Jack asintió con la cabeza.

– A mí me parece lógico.

Ahora le tocaba a Charlie el turno de perderse en los arrebatos imaginativos de Cooper.

– ¿Qué normalidad?

– La normalidad que sigue a la muerte -replicó con lentitud-. Los testamentos, en otras palabras. Alguien quería que se demorase el legado de la señora Gillespie. -Pensó durante un momento-. Digamos que estaba a punto de embarcarse en algo que a alguna otra persona no le gustaba, así que acabaron con ella antes de que pudiera hacerlo. Pero digamos también que lo que fuese podría ser llevado a cabo en su beneficiaría en el instante en que entrara en posesión del legado. Con un poco de ingenio, uno arroja una llave inglesa en las máquinas señalando a las legatarias más obvias, y hace que el proceso se detenga. ¿Qué tal suena eso?

– Complicado -replicó Charlie con acritud.

– Pero lo importante era detener a Mathilda -dijo Jack-. El resto fue instinto imaginativo que podía o no funcionar. Piense en ello como en una aventura especulativa que, con un poco de suerte, produce beneficios.

– Pero eso vuelve a llevarnos a la casilla de salida -comentó Cooper con lentitud-. Quienquiera que la haya matado la conocía bien, y si excluimos a los cuatro que la conocían mejor, eso nos deja con… -se presionó los ojos con los dedos en profunda concentración-, el señor y la señora Spede, el señor y la señora Marriott, y James Gillespie.

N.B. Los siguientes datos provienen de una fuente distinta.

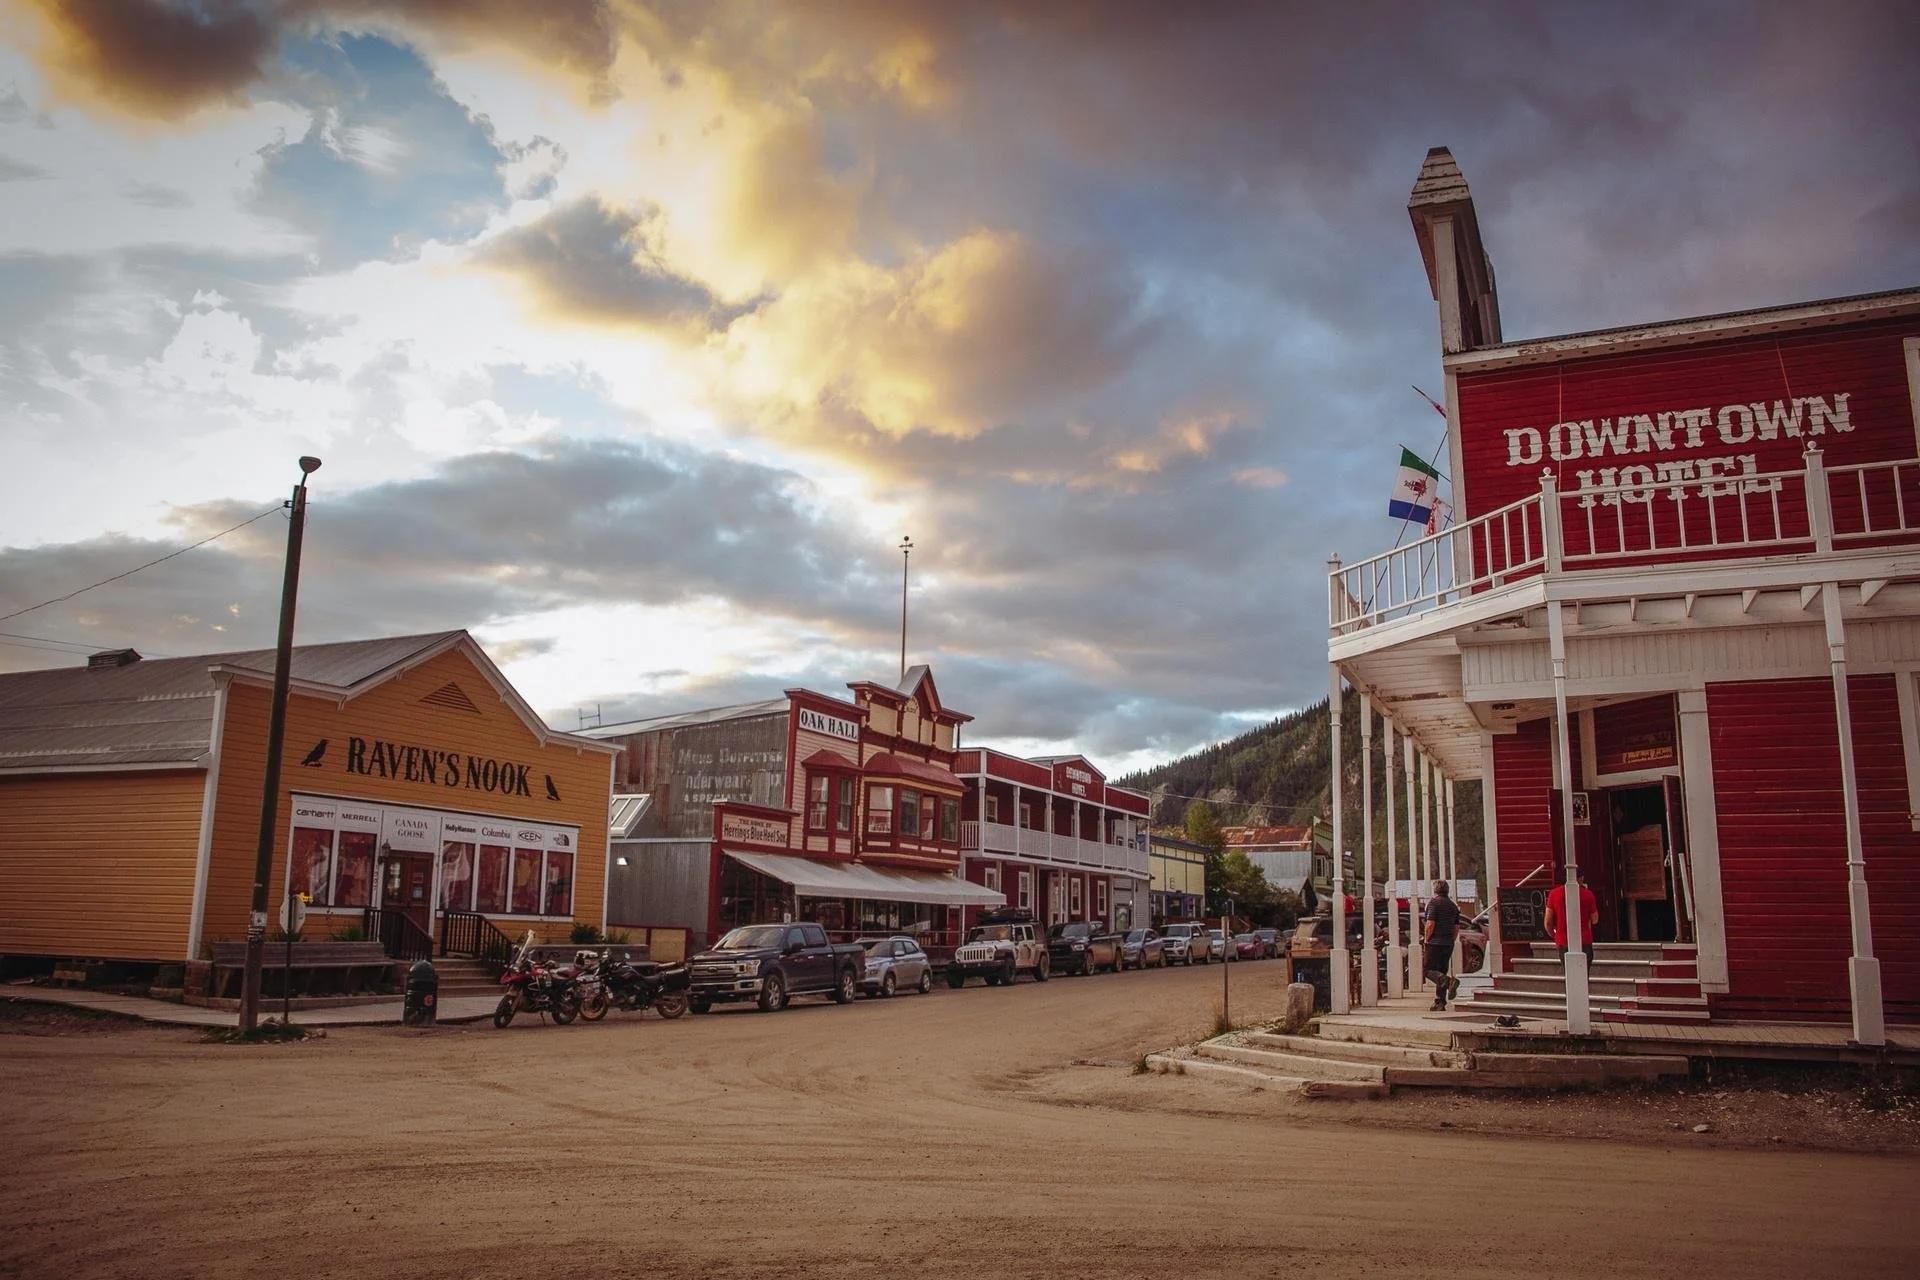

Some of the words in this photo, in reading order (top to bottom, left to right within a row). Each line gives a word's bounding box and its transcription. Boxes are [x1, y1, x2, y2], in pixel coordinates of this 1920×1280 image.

[1503, 392, 1856, 466] DOWNTOWN
[1576, 453, 1783, 508] HOTEL
[800, 710, 825, 731] OAK
[828, 719, 858, 739] HALL
[346, 736, 459, 787] RAVEN'S
[465, 755, 532, 797] NOOK
[296, 808, 334, 819] carhartt
[341, 812, 377, 823] MERRELL
[395, 818, 429, 830] CANADA
[397, 829, 425, 839] GOOSE
[481, 826, 511, 840] Columbia
[518, 831, 542, 841] KEEN

– Puede hacerlo mejor que eso, Cooper -dijo Jack con impaciencia-. Los Spede son almas simples que nunca podrían haber imaginado lo del Rey Lear ni en un millón de años; Paul y Jane Marriott han eludido a Mathilda como si fuera la peste durante años, así que es probable que no supieran cómo moverse por la casa, ni mucho menos sabrían dónde guardaba el cuchillo Stanley; y, por lo que yo tengo entendido, si Duggan le contó la verdad a Sarah, en lugar de intentar retrasar el proceso del testamento, James Gillespie está haciendo justo lo contrario, presionando para que la controversia quede aclarada con el fin de poder presentar una reclamación por los relojes.

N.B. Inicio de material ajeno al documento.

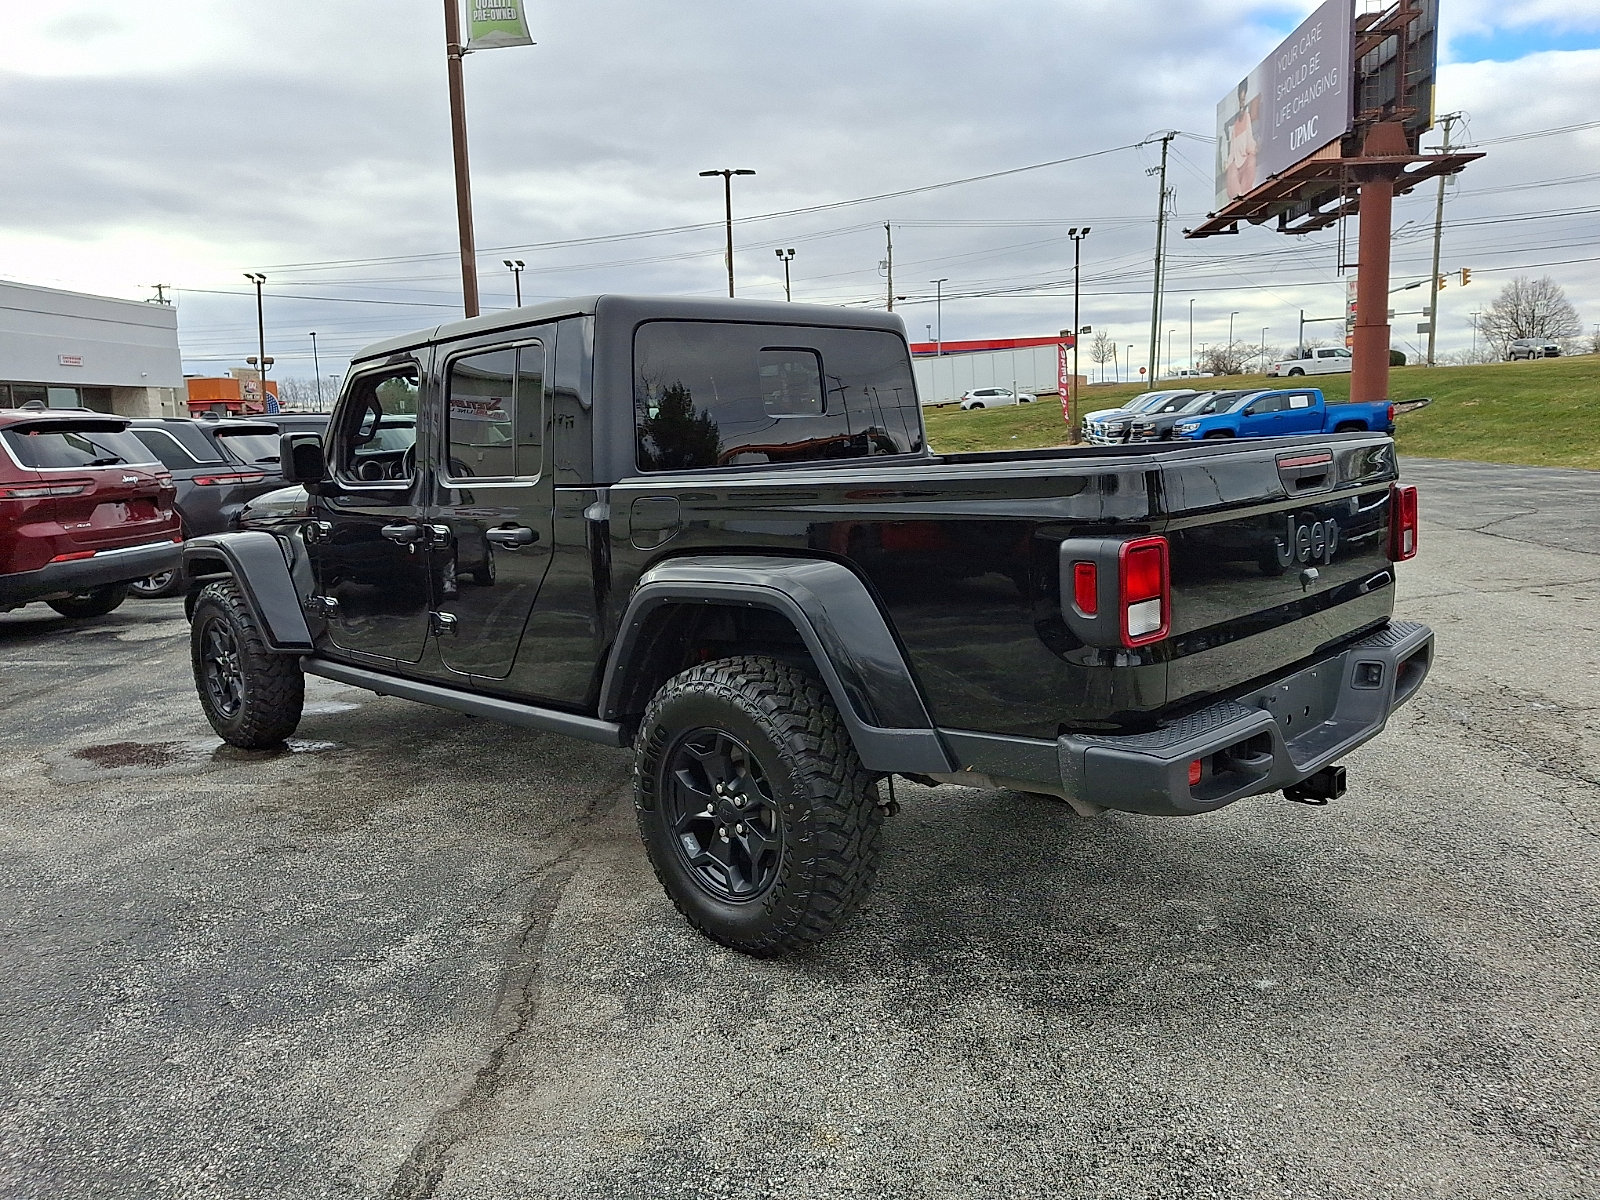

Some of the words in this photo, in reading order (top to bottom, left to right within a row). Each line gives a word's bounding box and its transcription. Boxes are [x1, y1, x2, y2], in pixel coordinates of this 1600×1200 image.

– Pero es que no hay nadie más.

– Sí que hay alguien más, y lo demostré esta mañana. -Dio un golpe con el puño sobre la mesa-. Es el hecho de que complicaran a Ruth, lo que debería de haberles puesto sobre aviso. Alguien sabía que había estado en la casa ese día, y que por lo tanto podía figurar como sospechosa. Ha estado dando vueltas en círculos desde que se enteró de eso, pero Sarah dice que sólo supo que ella había estado en la casa porque recibió una carta anónima. Así que, ¿quién se la envió? -Golpeó la mesa con la palma de la mano ante la expresión en blanco de Cooper-. ¿Quién intentó rescatar esta mañana a Joanna?

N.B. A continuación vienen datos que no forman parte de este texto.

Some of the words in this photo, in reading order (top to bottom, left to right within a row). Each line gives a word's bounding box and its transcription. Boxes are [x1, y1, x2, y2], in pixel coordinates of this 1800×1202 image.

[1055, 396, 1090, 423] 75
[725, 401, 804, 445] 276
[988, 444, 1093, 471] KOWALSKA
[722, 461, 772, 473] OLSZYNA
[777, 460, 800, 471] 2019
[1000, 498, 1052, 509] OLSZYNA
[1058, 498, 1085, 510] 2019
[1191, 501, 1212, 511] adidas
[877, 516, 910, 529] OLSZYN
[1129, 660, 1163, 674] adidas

Violet Orloff abrió la puerta delantera y contempló con ojos fijos el trozo de papel metido en una bolsa de polietileno que el sargento detective Cooper sostenía ante sí. Él lo volvió y leyó en voz alta.

– «Ruth Lascelles estuvo en Cedar House el día en que murió la señora Gillespie. Robó unos pendientes. Joanna sabe que se los llevó. Joanna Lascelles es prostituta en Londres. Pregúntenle en qué se gasta el dinero. Pregúntenle por qué intentó matar a su hija. Pregúntenle por qué la señora Gillespie pensaba que estaba loca.» ¿Estaríamos en lo correcto al suponer que usted escribió esto, señora Orloff? -preguntó con tono amistoso.